On trade policy, the President has taken stands directly at odds with unions, continuing the promotion of neoliberalism that has been the hallmark of Democratic administrations since the Clinton years. In the last two years, Obama has aggressively pushed two multilateral investment treaties, the Trans-Pacific Partnership (TPP) and the Trans-Atlantic Trade and Investment Partnership. The AFL-CIO charges that the TPP will cost the American economy more than 300,000 jobs in the manufacturing sector alone, adding to the extensive damage that has been inflicted since the North American Free Trade Agreement was passed in 1992. According to the Economic Policy Institute, “More than 5 million U.S. manufacturing jobs were lost between 1997 and 2014, and most of those job losses were due to growing trade deficits with countries that have negotiated trade and investment deals with the United States.” This neoliberal trade regime has also exacerbated the trend of offshoring service positions, such as call centers and information technology departments, impacting employees far outside of manufacturing sectors. If approved by Congress, the labor federation argues, the TPP will put downward pressure on wages across the economy, yet the Administration has bucked labor pressure in an attempt to secure the trade deal.

If the next administration wants to reestablish a durable foundation upon which to rebuild the middle class, it will need to reorient its attitude toward organized labor. This means treating unions as key partners in advancing a social democratic vision—a constituency both to mobilize and to follow, rather than another special interest to be appeased.

Organized labor, in turn, must explicitly articulate a singular expectation from the next administration. The expectation should be that shoring up the freedom of association—covering policies that fundamentally effect unions’ ability to organize new members—will take precedent over the individual sectoral interests of each union.

A winning policy combination must include three points: strengthening organizing rights; clarifying and enforcing the employer of record; and implementing trade policy that extends pro-worker values into our foreign affairs. First, organizing rights. Reforming labor law has been unions’ preeminent goal since the Republicans won Congress in 1946 and began challenging the New Deal legacy. Lyndon Johnson promised labor he would repeal the right-to-work section of the Taft-Hartley Amendments, but after conservative pushback the Great Society went forward without it. Jimmy Carter promised labor he would expand the NLRB to seven members and strengthen penalties for unfair practices. This stalled too, and soon after, political capital was poured into other priorities, including passing the Panama Canal Treaty. Bill Clinton promised to ban striker replacement, but he instead attempted a grand bargain between capital and labor via John Dunlop’s Commission on the Future of Labor Management Relations, which ultimately did nothing to shore up the role of unions in the economy.

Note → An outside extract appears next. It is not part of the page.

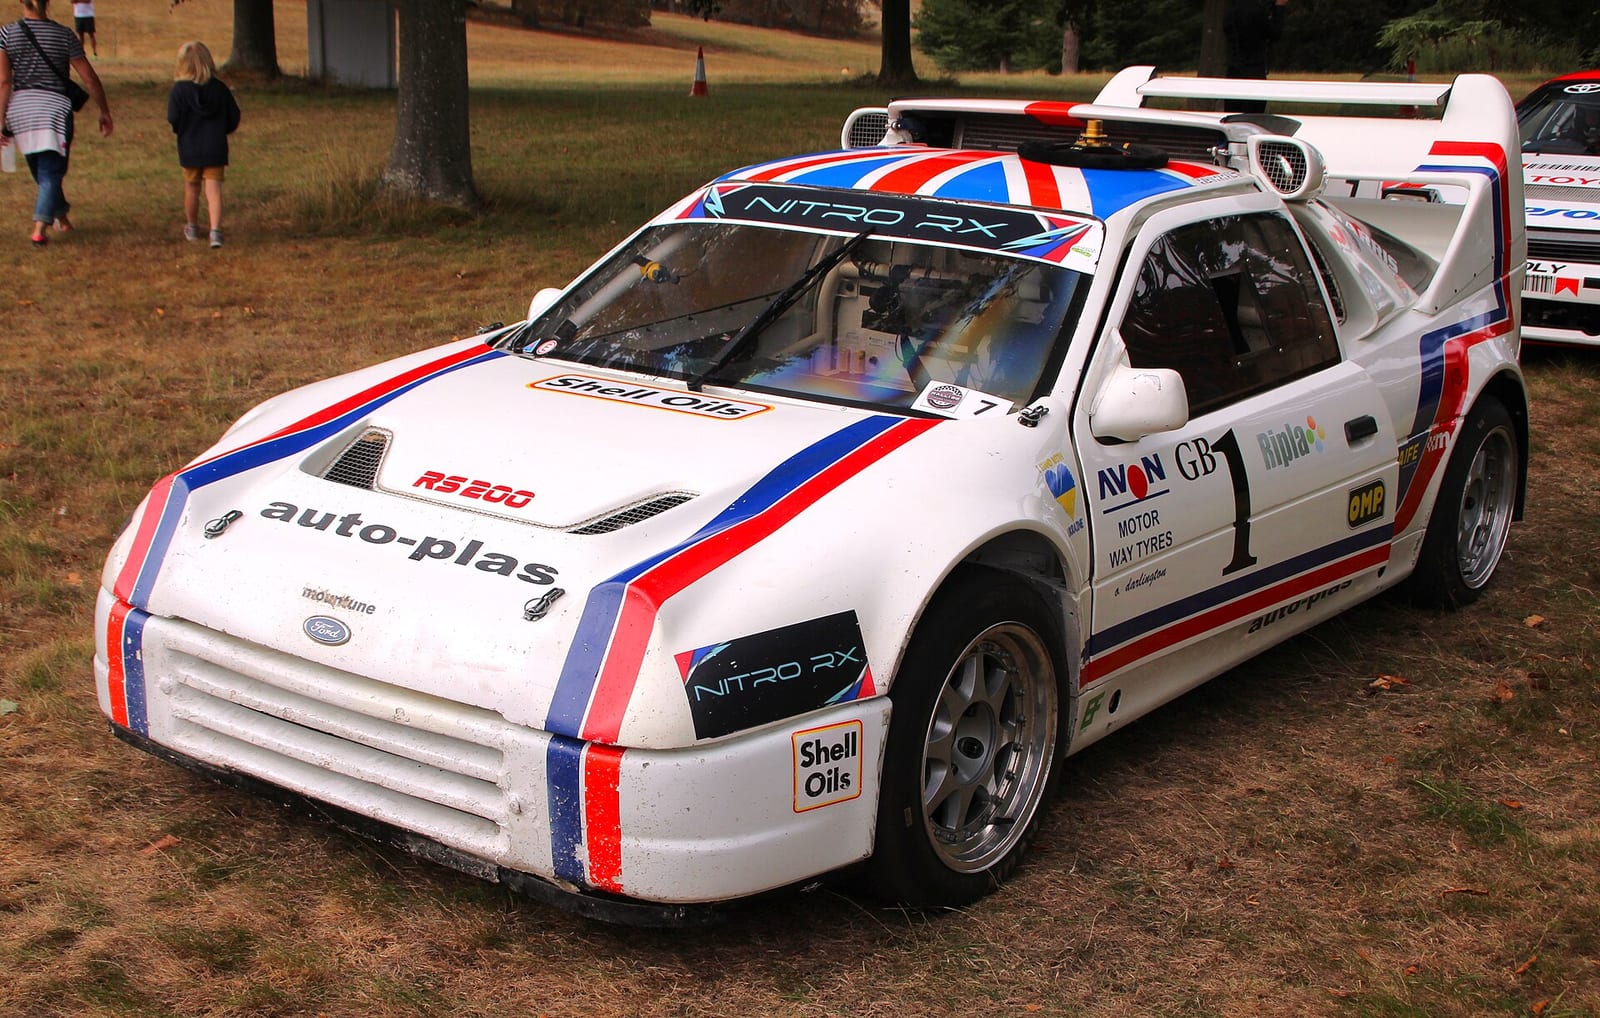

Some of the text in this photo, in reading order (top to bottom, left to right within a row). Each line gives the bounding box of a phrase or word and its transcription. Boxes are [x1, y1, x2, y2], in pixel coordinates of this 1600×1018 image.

Beyond EFCA, there have been a variety of useful policies that would help to restore organizing rights. In 2015, Washington Democratic Senator Patty Murray introduced the Workplace Action in a Growing Economy Act, which empowers unlawfully fired workers to bring civil suits against employers for violations of the National Labor Relations Act, rather than waiting for the creaking machinery of the board to rule years after the fact. Murray’s bill provides for awards of triple the workers’ back pay and covers attorney’s fees for successful suits, while also ensuring that repeat violators would be subject to increasingly steep agency fines.

Progressive advocates must be clear that they are advancing an economic justice agenda that goes beyond supporting labor.

But more important than any specific policy proposal will be the way labor organizations, progressive activists, and sympathetic elected officials approach the issue of free association. Labor supporters cannot simply do more of the same, introducing a new bill that will be seen as a special-interest priority for unions. Instead, progressive advocates must be clear that they are advancing an economic justice agenda that goes beyond supporting labor—putting forward proposals that show a clear intersection between the interests of racial justice, immigrant rights, and gender equity movements, as well as to all working people, whether or not they are members of unions.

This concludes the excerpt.